Return the data exactly, but only from the line containing "this 1536×2048 image." through its last line.

===== DATA TO USE

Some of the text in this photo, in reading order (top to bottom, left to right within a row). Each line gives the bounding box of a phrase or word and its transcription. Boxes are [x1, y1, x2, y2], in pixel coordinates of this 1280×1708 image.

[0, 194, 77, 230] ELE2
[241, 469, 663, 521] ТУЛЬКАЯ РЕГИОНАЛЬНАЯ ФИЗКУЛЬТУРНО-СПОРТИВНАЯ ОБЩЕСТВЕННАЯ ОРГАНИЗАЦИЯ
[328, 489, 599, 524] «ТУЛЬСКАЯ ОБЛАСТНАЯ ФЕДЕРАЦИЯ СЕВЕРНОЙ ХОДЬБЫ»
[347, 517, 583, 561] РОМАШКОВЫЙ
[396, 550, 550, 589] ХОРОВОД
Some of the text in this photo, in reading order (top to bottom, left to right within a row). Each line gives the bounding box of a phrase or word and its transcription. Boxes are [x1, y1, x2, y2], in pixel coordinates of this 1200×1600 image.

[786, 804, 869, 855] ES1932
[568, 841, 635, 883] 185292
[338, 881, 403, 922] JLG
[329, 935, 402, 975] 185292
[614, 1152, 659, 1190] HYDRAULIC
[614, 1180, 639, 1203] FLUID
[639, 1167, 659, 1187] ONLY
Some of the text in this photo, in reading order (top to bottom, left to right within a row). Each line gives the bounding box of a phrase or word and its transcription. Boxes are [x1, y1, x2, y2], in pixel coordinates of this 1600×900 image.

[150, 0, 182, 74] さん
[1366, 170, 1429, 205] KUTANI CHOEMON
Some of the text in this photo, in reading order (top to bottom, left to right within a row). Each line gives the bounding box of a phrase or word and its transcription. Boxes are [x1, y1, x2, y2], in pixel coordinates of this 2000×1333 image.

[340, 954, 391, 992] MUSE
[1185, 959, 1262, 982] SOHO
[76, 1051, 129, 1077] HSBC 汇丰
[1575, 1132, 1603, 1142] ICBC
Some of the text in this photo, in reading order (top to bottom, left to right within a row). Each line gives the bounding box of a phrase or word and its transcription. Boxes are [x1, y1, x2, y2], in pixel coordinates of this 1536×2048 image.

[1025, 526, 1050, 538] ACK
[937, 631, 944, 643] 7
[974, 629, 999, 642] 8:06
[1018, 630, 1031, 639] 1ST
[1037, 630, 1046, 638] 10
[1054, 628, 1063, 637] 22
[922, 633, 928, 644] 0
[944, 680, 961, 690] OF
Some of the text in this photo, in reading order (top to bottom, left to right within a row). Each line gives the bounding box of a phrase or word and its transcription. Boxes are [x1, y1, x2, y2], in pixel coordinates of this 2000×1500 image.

==========

ANSWER:
Some of the text in this photo, in reading order (top to bottom, left to right within a row). Each line gives the bounding box of a phrase or word and its transcription. Boxes are [x1, y1, x2, y2], in pixel coordinates of this 1536×2048 image.

[1025, 526, 1050, 538] ACK
[937, 631, 944, 643] 7
[974, 629, 999, 642] 8:06
[1018, 630, 1031, 639] 1ST
[1037, 630, 1046, 638] 10
[1054, 628, 1063, 637] 22
[922, 633, 928, 644] 0
[944, 680, 961, 690] OF
Some of the text in this photo, in reading order (top to bottom, left to right within a row). Each line gives the bounding box of a phrase or word and its transcription. Boxes are [x1, y1, x2, y2], in pixel coordinates of this 2000×1500 image.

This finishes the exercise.